L’assessore alla trasparenza del Comune di Vicenza Isabella Dotto
L’assessore alla trasparenza del Comune di Vicenza Isabella Dotto

Trasparenza a Vicenza. Dotto: “Appalti con le gare”

Vicenza – Controlli interni sulla qualità dei servizi alla voce controllo di gestione, per accertarsi che non ci sia spreco di denaro pubblico, ma anche e soprattutto riduzione degli affidamenti diretti alla voce anticorruzione, per garantire imparzialità e legalità nell’operato del Comune di Vicenza. Sono questi i principali obiettivi del mandato amministrativo di Isabella Dotto, alla quale il nuovo sindaco di Vicenza, Francesco Rucco, ha affidato l’assessorato alla trasparenza, con deleghe in materia di affari legali, patrimonio, contratti, trasparenza amministrativa, prevenzione della corruzione e protezione dei dati personali.

“Bene ha fatto il sindaco a istituire per la prima volta a Vicenza uno specifico assessorato alla trasparenza” ha commentato Dotto, che ha scelto di illustrare le sue linee programmatiche in piazza dei Signori, nel giorno di mercato, tra la gente”.

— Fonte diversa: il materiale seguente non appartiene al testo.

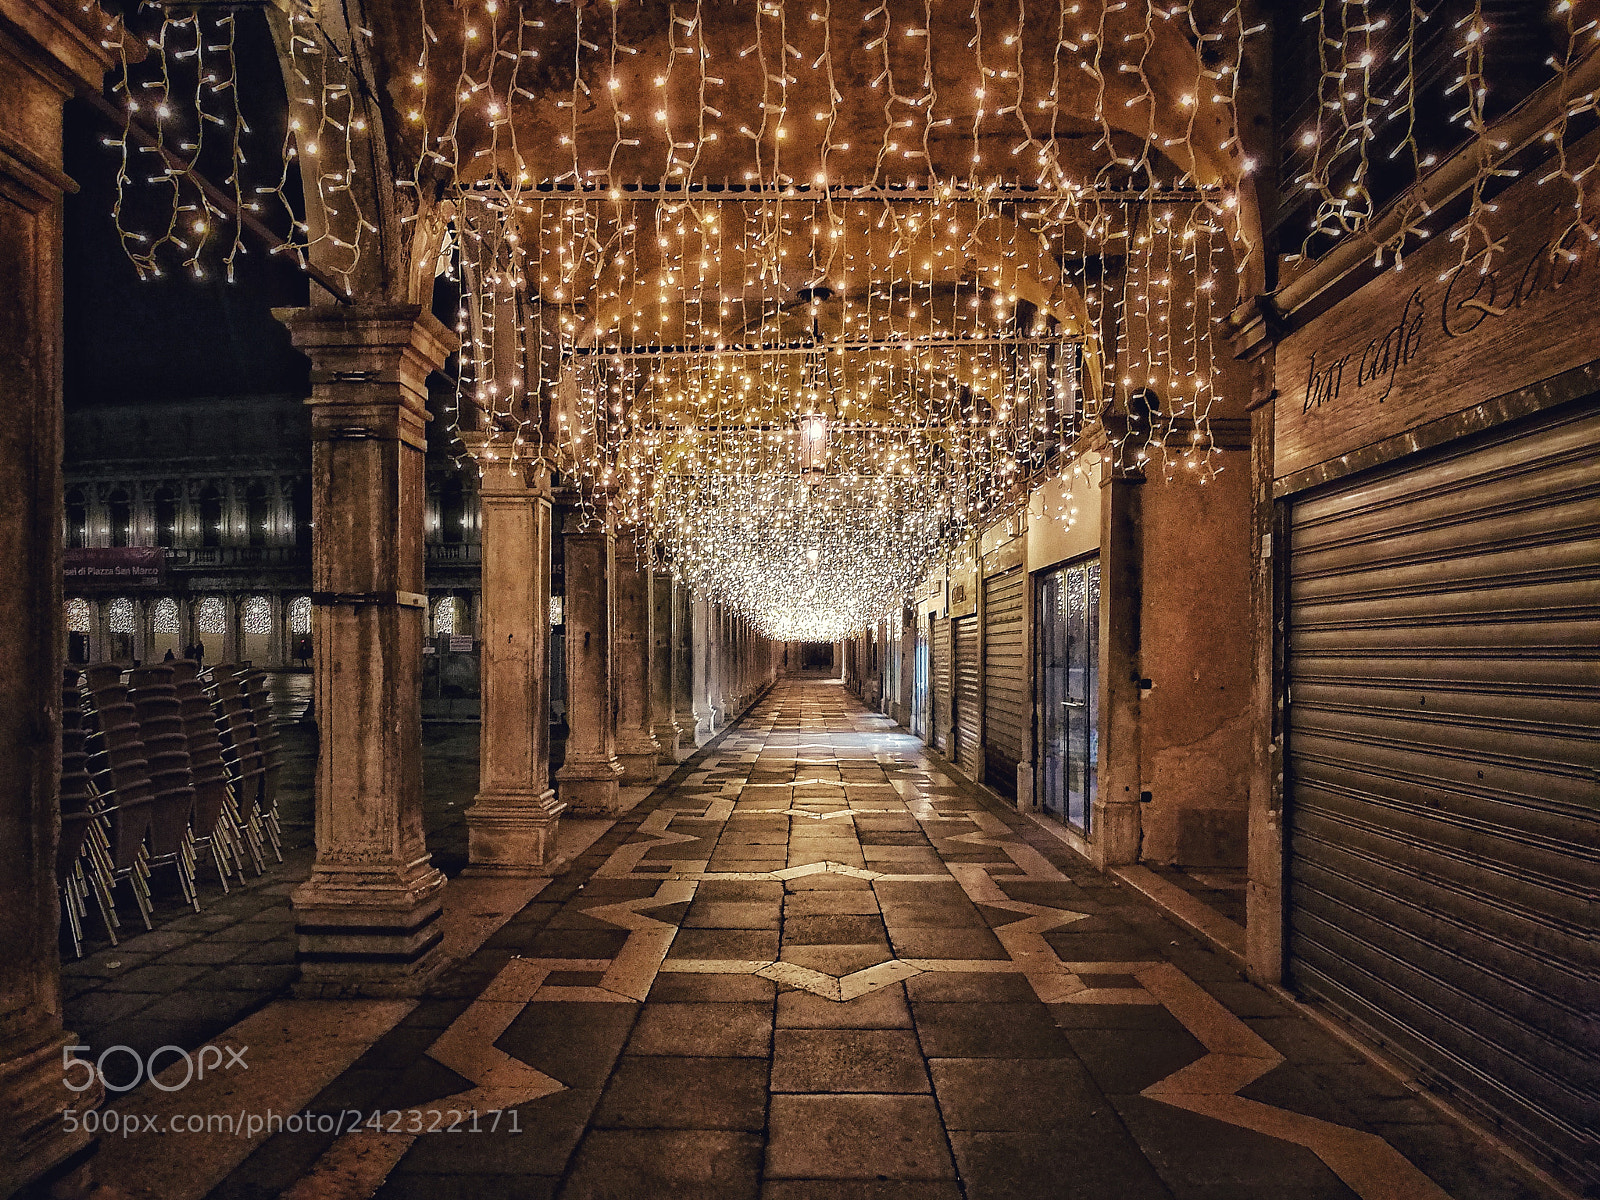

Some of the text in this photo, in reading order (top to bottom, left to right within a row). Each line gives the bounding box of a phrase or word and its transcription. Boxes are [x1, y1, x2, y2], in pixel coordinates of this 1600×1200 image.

[1302, 350, 1351, 415] bar
[78, 567, 86, 576] di
[87, 567, 114, 576] Piazza
[115, 566, 131, 576] San
[132, 566, 159, 576] Marco

“Non si pensi – ha aggiunto – che in Veneto non ci sono criticità solo perchè non se ne parla. Ricordo che di recente il procuratore capo della Repubblica di Venezia, Bruno Cherchi, ha dichiarato che l’emergenza, nella nostra regione, non è tanto la microcriminalità, quanto piuttosto le infiltrazioni mafiose. Ecco, di fronte ad una tale affermazione, ritengo doveroso che la politica si interroghi e affronti la questione. L’Italia è uno dei paesi più corrotti al mondo, in compagnia di nazioni come il Ruanda. Quindi,  la pubblica amministrazione deve, non solo supportare l’attività della magistratura in caso di indagini, ma anche effettuare controlli per capire se ci sono al proprio interno situazioni di illegittimità e di illegalità, utilizzando tutti gli strumenti a disposizione”.

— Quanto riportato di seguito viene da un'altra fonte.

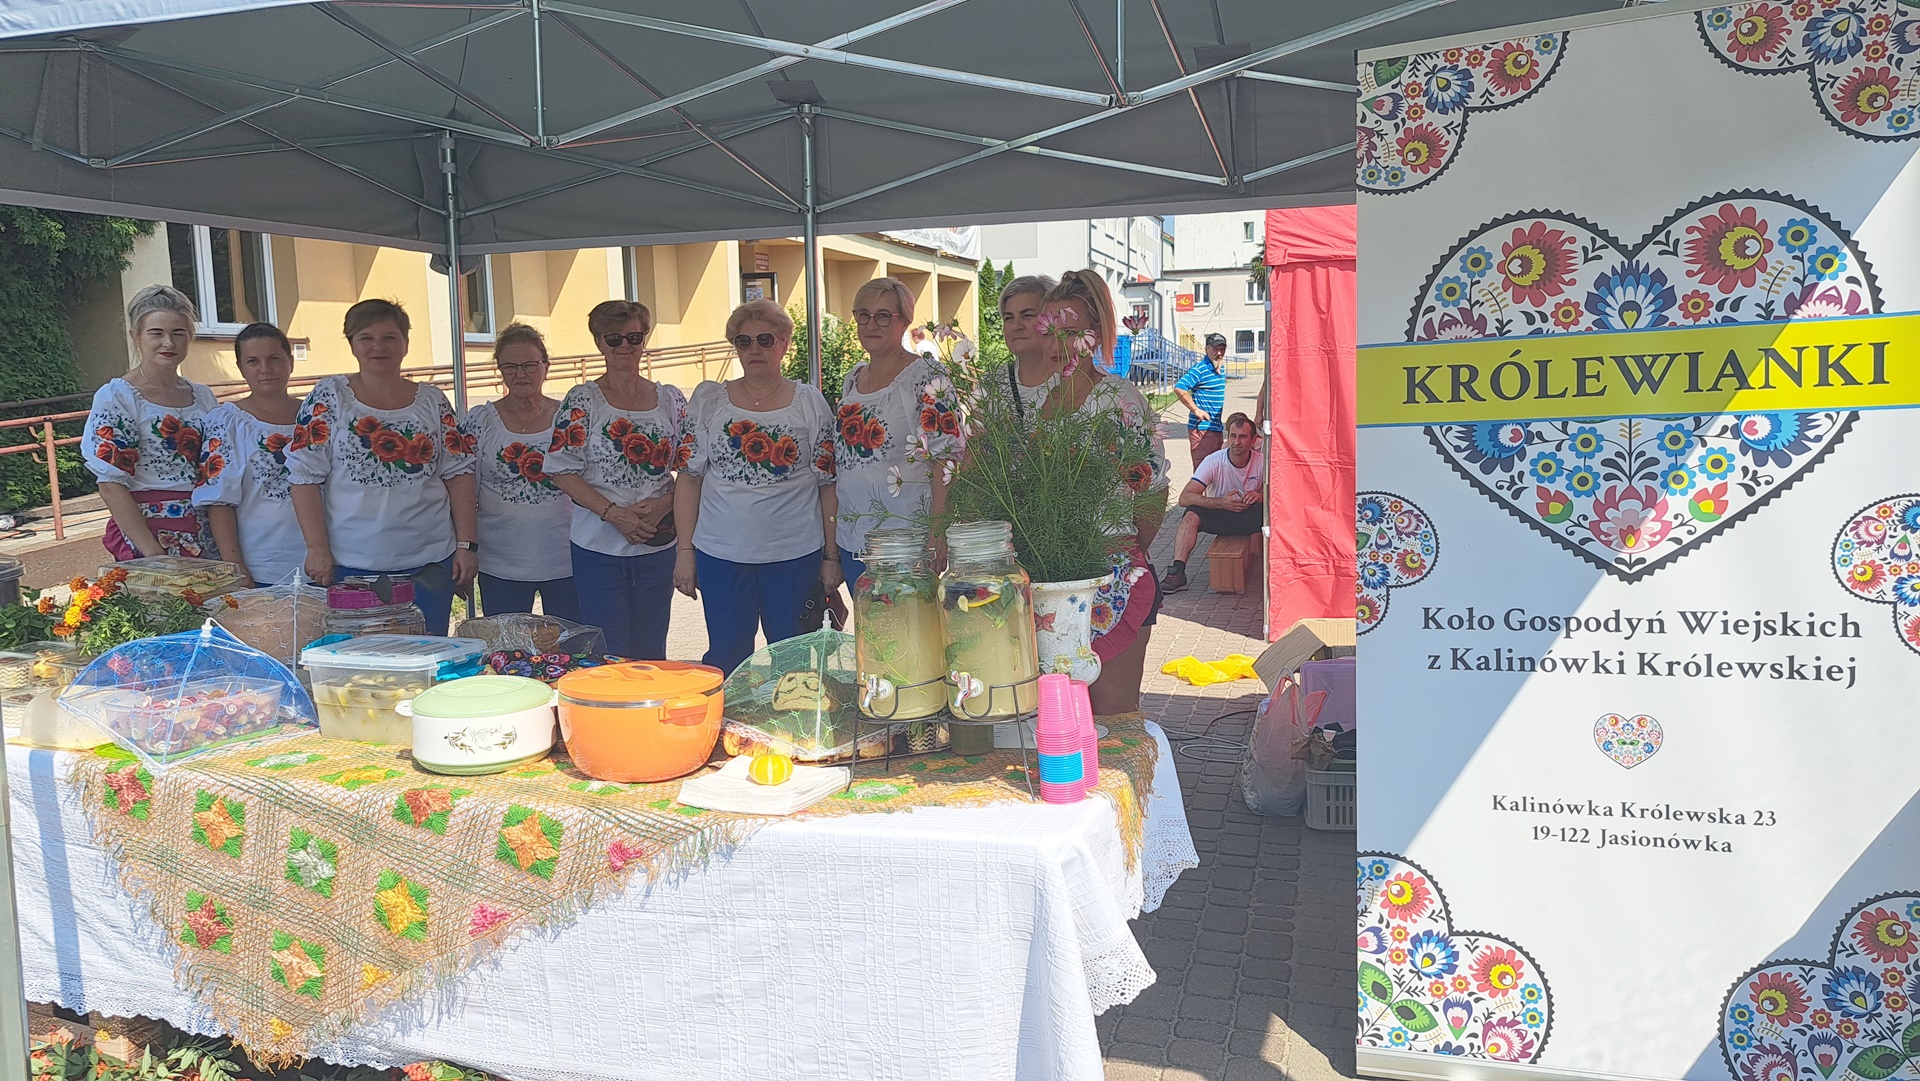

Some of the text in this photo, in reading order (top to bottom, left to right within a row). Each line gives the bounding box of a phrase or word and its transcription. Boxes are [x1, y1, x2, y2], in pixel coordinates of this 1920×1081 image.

Tra questi strumenti quello principale per l’assessore vicentino sarà il Piano triennale per la prevenzione della corruzione e per la trasparenza. Si tratta di un documento che tutte le pubbliche amministrazioni sono obbligate ad adottare ogni anno e che, nel Comune di Vicenza, viene redatto dal segretario generale, in qualità di responsabile della prevenzione della corruzione, con l’obiettivo di prevedere specifici provvedimenti e comportamenti, nonché monitorare modalità e tempi dei procedimenti, in particolar modo quelli che comportano l’emissione di atti autorizzativi o concessori, la gestione di procedure di gara e di concorso, l’assegnazione di contributi e sovvenzioni.

“Una delle aree più a rischio corruzione – ha ricordato Dotto – è senz’altro quella degli appalti e dei contratti, a causa degli affidamenti diretti senza gara. L’obiettivo è che diventino un’eccezione, che va peraltro ampiamente giustificata. Invece in Italia si assiste ad un abuso. Questo è l’indirizzo che, in quanto assessore alla trasparenza, ho assegnato al segretario generale, che invece si occuperà dell’esecuzione dei controlli e dei monitoraggi, inducendo i dirigenti di tutti i settori ad un ricorso parsimonioso a questo strumento, anche attraverso una formazione specifica”.

“Vigileremo inoltre sui contratti – ha poi concluso -, perchè non ci siano variazioni in corso d’opera o prezzi al rialzo o al ribasso. Controlleremo le spese sostenute dal Comune per le consulenze nel settore del contenzioso, e abbiamo già chiesto un report sull’attività degli ultimi cinque anni per capire quante volte in concreto l’ente ha vinto le cause, quante invece ha perso. Ci siamo insomma già messi al lavoro e qualora emergessero criticità o situazioni di illegittimità, sarà nostro compito segnalarle all’autorità giudiziaria competente”.